--- Records for this exercise ---

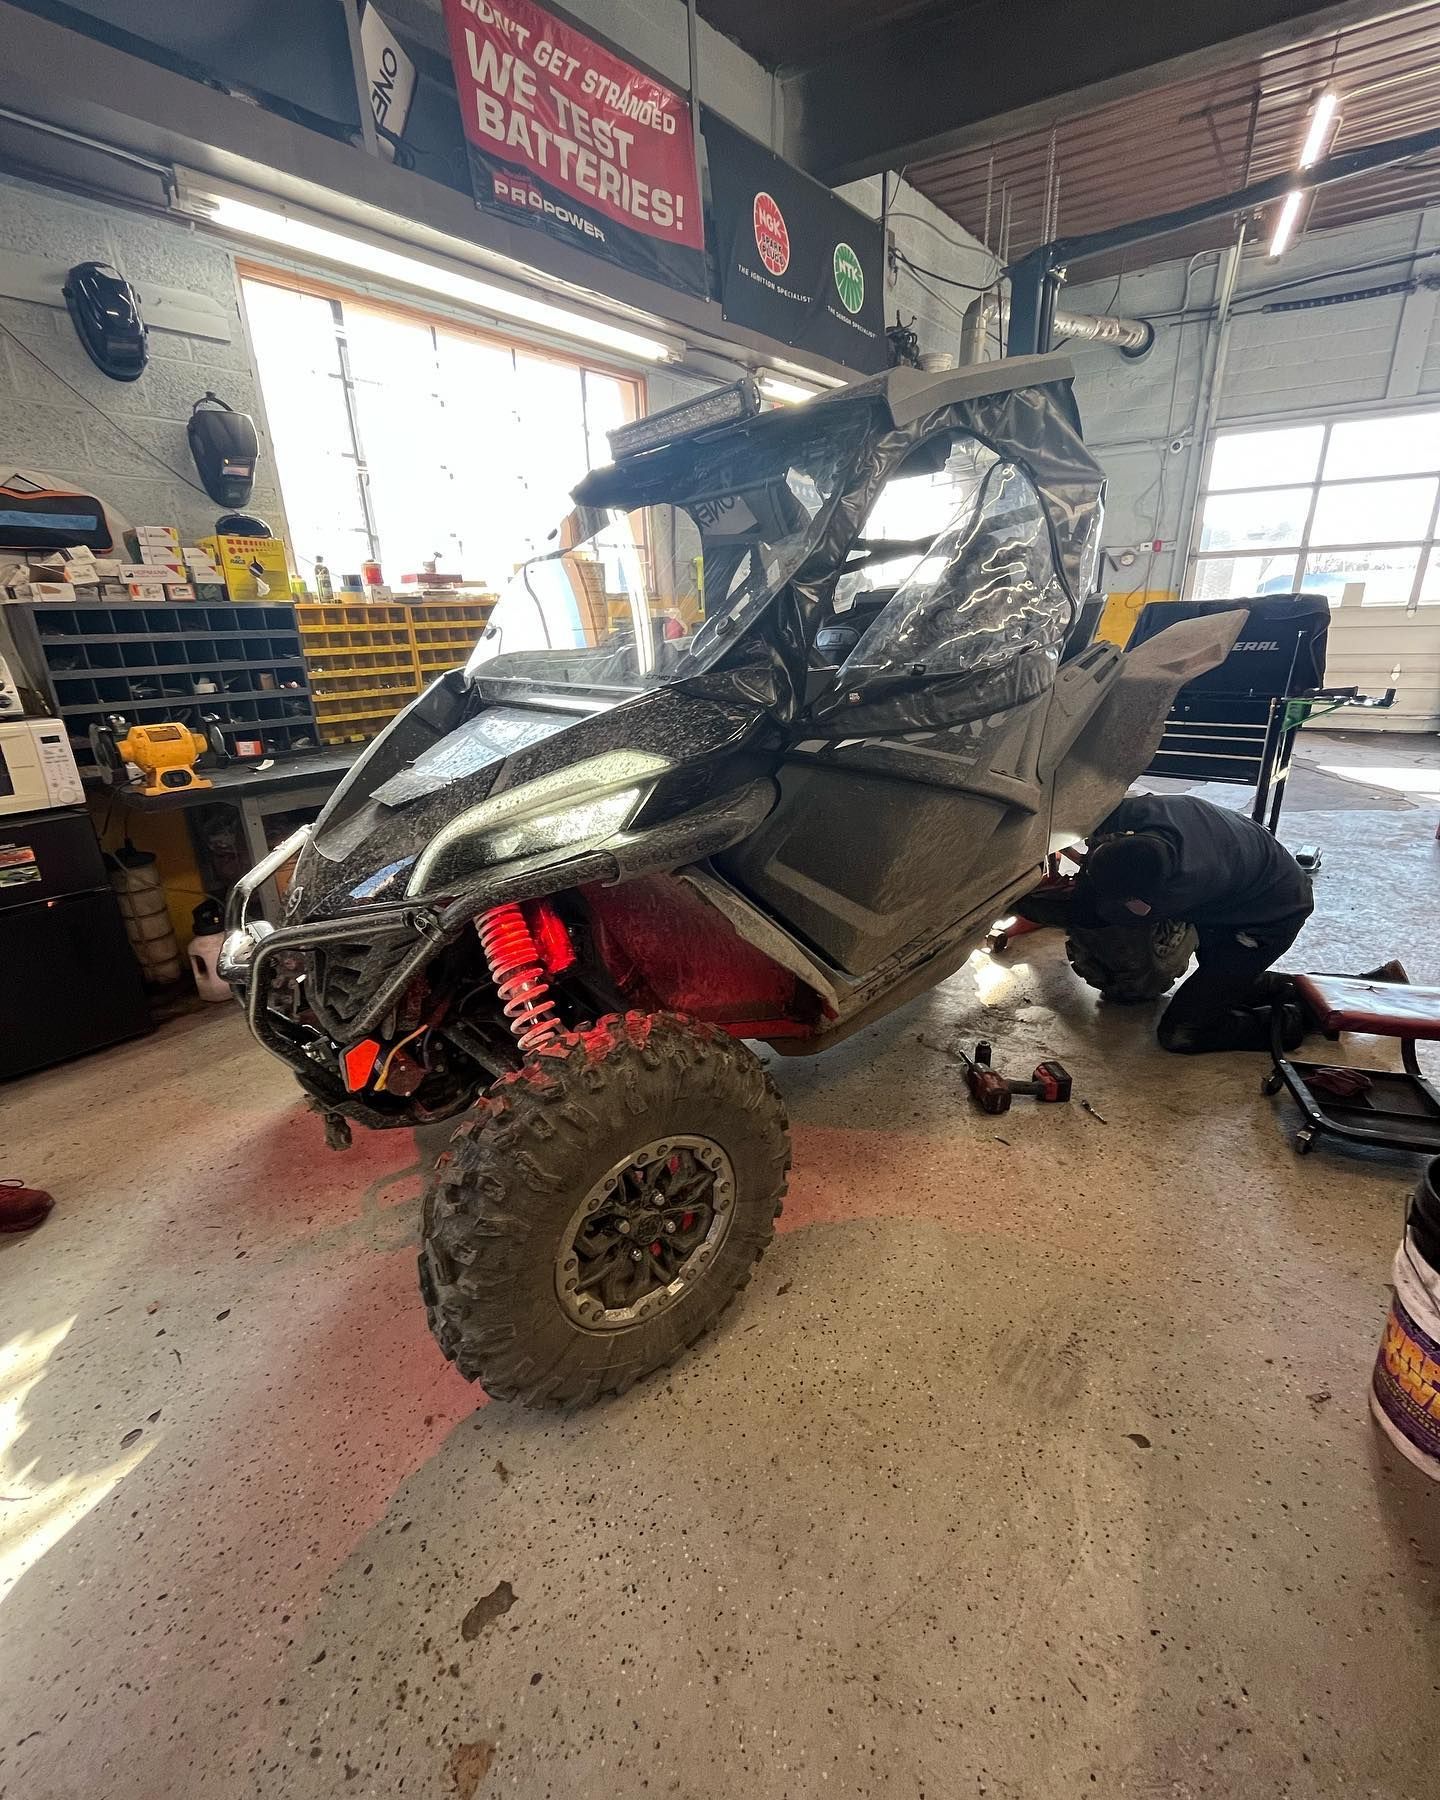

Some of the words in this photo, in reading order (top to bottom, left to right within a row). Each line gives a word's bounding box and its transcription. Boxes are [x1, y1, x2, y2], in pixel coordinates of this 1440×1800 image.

[372, 47, 397, 126] ONE
[464, 27, 537, 110] WE
[549, 86, 634, 169] TEST
[533, 40, 580, 82] GET
[581, 72, 676, 135] STRANDED
[476, 88, 684, 231] BATTERIES!
[759, 207, 782, 239] NGK
[737, 263, 749, 276] THE
[750, 271, 775, 290] IGNITION
[839, 259, 859, 283] NTK
[827, 305, 836, 316] THE
[1232, 641, 1280, 651] ERAL

---

> _Problem_: Please print the material exactly as given above, omitting the pictures.

> _Response box_:
Some of the words in this photo, in reading order (top to bottom, left to right within a row). Each line gives a word's bounding box and its transcription. Boxes are [x1, y1, x2, y2], in pixel coordinates of this 1440×1800 image.

[372, 47, 397, 126] ONE
[464, 27, 537, 110] WE
[549, 86, 634, 169] TEST
[533, 40, 580, 82] GET
[581, 72, 676, 135] STRANDED
[476, 88, 684, 231] BATTERIES!
[759, 207, 782, 239] NGK
[737, 263, 749, 276] THE
[750, 271, 775, 290] IGNITION
[839, 259, 859, 283] NTK
[827, 305, 836, 316] THE
[1232, 641, 1280, 651] ERAL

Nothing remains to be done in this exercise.